The University of Texas’s relationship with the person and ideas of Martin Luther King, Jr. predates and exceeds the annual recognition of his birthday on our campus. In 1962, Dr. King visited the University to speak to members of the UT community about race relations in the US. He spoke in the Texas Union Building’s Ballroom to a crowd of almost 1,200 people and was forced to spend a night on campus after his reservation at Austin’s Driskill Hotel was canceled over fears that the other hotel patrons would not be happy with his presence there.[4] In 1968, as an outcome of such racist sentiments, the renowned civil rights leader was assassinated in Memphis while leading a protest in support of a sanitation workers’ strike.[5]

Article commemorating the Martin Luther King, Jr. Day celebrations, March 8, 1962, Daily Texan Newspaper.

Nineteen year later, in 1987, students at UT lobbied to have a statue of MLK placed on the University’s campus. The students formed the Martin Luther King Jr. Sculpture Foundation and approached UT President William Cunningham in hopes of securing funding for the statue. Cunningham provided $150,000 for the construction of a marble pedestal, but tasked members of the foundation with securing funding for the statue themselves.
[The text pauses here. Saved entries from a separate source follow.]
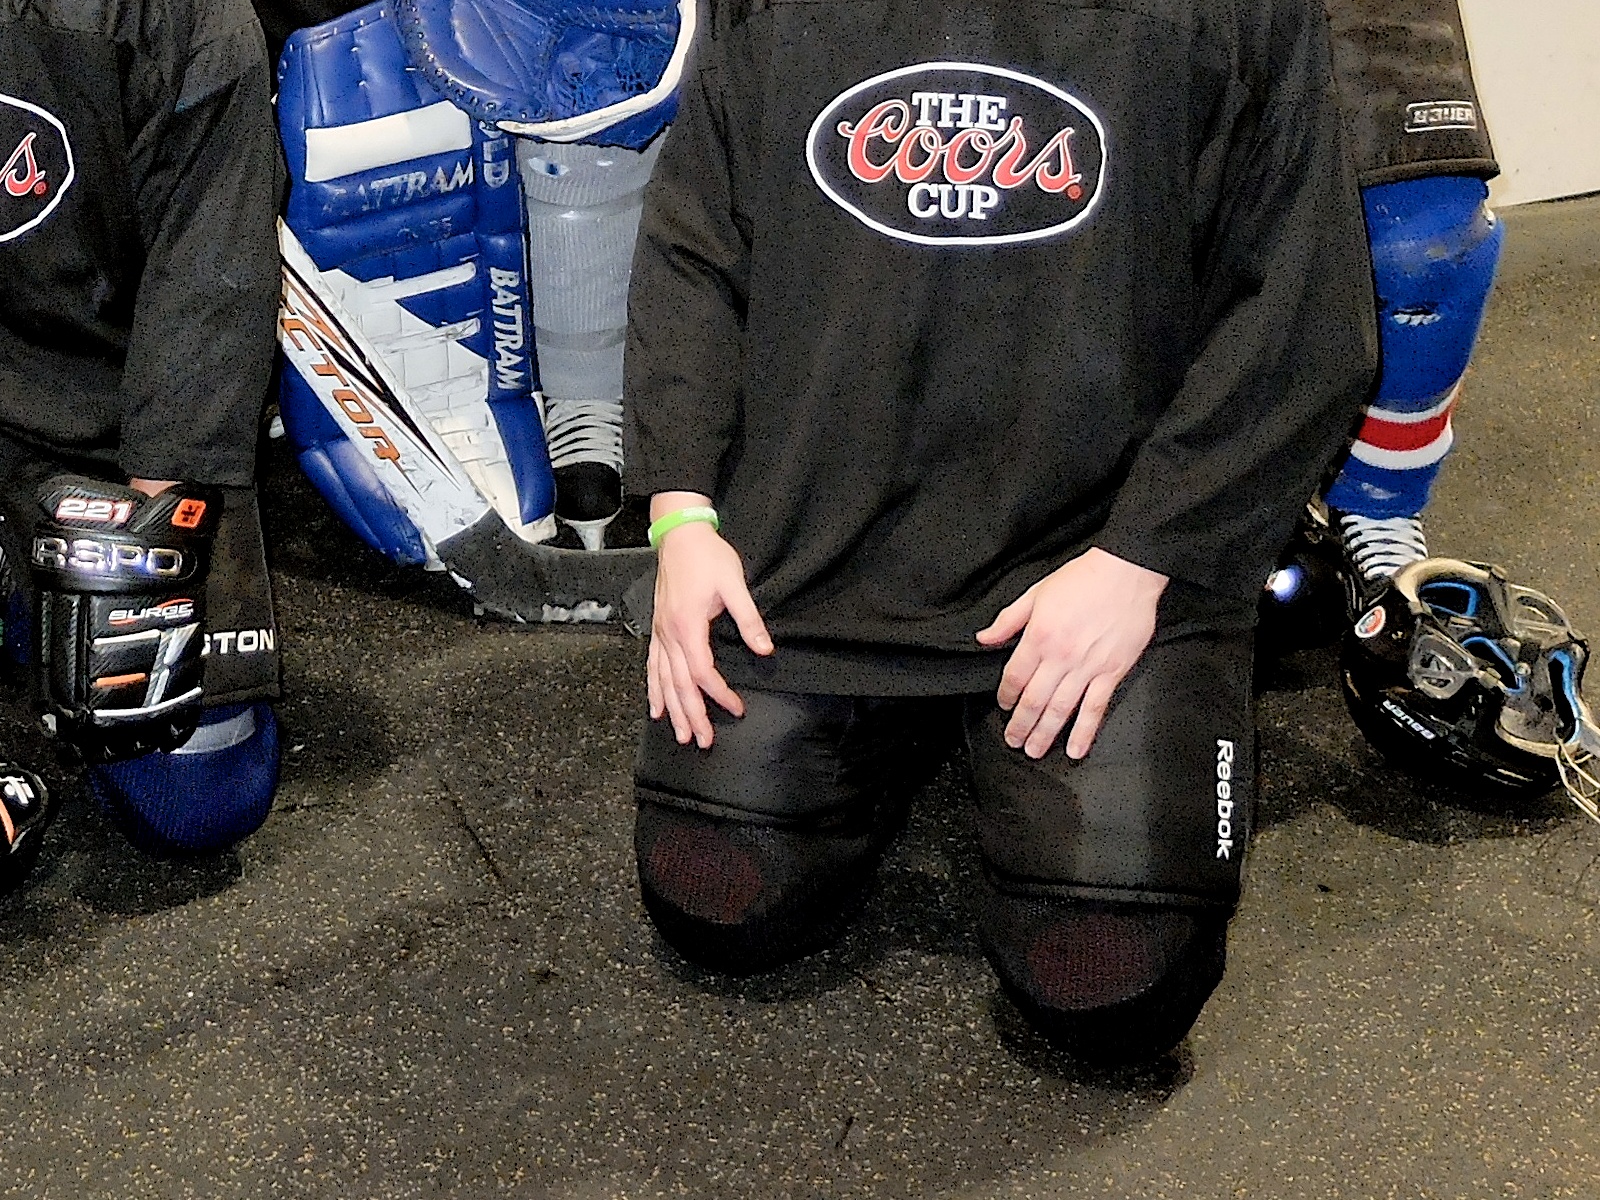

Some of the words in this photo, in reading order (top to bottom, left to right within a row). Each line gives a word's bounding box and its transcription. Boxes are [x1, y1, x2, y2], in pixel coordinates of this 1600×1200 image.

[912, 92, 1007, 131] THE
[836, 99, 1082, 194] Coors
[907, 183, 999, 220] CUP
[489, 267, 525, 391] BATTRAM
[279, 294, 401, 461] CTOR
[58, 499, 131, 522] 221
[108, 602, 195, 622] SURGE
[1215, 738, 1234, 861] Reebok
In 1995, the Martin Luther King Jr. Sculpture Foundation worked with the UT Student Government to secure a commitment of a $1 contribution from every UT student’s tuition payment for each semester over four years, eventually raising $500,000 for the project. In 1999, the University placed the MLK Statue, sculpted by Chicago-based sculptors Jeffrey Varilla and Anna Koh-Varilla, on the campus’ East Mall. UT was the second university in the United States to feature a statue of Dr. King, preceded only by his alma mater, Morehouse University.[6]
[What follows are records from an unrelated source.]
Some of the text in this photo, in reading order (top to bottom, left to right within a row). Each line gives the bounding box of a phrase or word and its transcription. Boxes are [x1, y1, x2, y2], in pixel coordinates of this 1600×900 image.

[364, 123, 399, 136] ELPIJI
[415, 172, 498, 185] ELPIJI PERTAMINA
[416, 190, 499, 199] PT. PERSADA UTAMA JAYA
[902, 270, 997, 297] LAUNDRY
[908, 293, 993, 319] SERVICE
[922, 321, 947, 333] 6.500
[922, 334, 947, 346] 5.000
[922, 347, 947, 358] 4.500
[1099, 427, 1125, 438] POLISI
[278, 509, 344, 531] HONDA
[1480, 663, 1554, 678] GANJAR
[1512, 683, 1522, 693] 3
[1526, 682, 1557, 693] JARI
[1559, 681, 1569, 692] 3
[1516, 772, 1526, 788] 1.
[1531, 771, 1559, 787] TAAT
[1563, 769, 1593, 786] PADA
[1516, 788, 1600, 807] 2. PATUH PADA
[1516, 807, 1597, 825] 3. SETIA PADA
While there were high levels of UT student support for the creation of the MLK statue, not every member of the university and/or larger Austin community agreed with its being placed on campus. In the early 2000s, the statue was defaced twice, once when eggs were thrown at it and the other when two men sprayed graffiti on it. It has not been vandalized in the years since, as the University has worked to become a more inclusive place.

Today, The University of Texas is working to transform its East Mall, where Dr. King’s statue has stood for over two decades, into a commemorative site honoring the Black students who integrated UT’s undergraduate student body in 1956. The MLK statue is a fitting centerpiece for this celebration of the university’s historic arc of inclusivity and the institution’s efforts to fulfill its aspirations to be the flagship of higher education for all Texans.
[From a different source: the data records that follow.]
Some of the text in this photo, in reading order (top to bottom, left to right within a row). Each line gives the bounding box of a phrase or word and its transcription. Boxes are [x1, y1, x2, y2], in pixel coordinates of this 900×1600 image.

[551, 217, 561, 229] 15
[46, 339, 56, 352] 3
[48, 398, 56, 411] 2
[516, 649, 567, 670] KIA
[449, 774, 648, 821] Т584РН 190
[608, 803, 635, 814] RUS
Image of Martin Luther King, Jr. Statue on the East Mall of the UT Campus, 2018.

[1] Council, Austin Area Heritage. “Timeline | MLK Celebration – Austin, TX,” November 12, 2008. https://mlkcelebration.com/mlk-the-man/timeline/.

[2] Council, Austin Area Heritage. “Heritage Council | MLK Celebration – Austin, TX,” November 12, 2008. https://mlkcelebration.com/heritage-council/.

[3] Council, Austin Area Heritage. “March, Festival, and Food Drive | MLK Celebration – Austin, TX,” December 29, 2009. https://mlkcelebration.com/celebration-events/march-and-festival/.

[4] kvue.com. “Display Highlights Martin Luther King Jr.’s 1962 Visit to UT.” Accessed December 13, 2022. https://www.kvue.com/article/news/history/display-highlights-martin-luther-king-jrs-1962-visit-to-ut/269-535182613.

[5] NobelPrize.org. “The Nobel Peace Prize 1964.” Accessed January 10, 2023. https://www.nobelprize.org/prizes/peace/1964/king/biographical/.

[6] The Alcalde. “How the MLK Statue Came to the East Mall,” February 2, 2012. https://alcalde.texasexes.org/2012/02/mlk-on-the-east-mall/.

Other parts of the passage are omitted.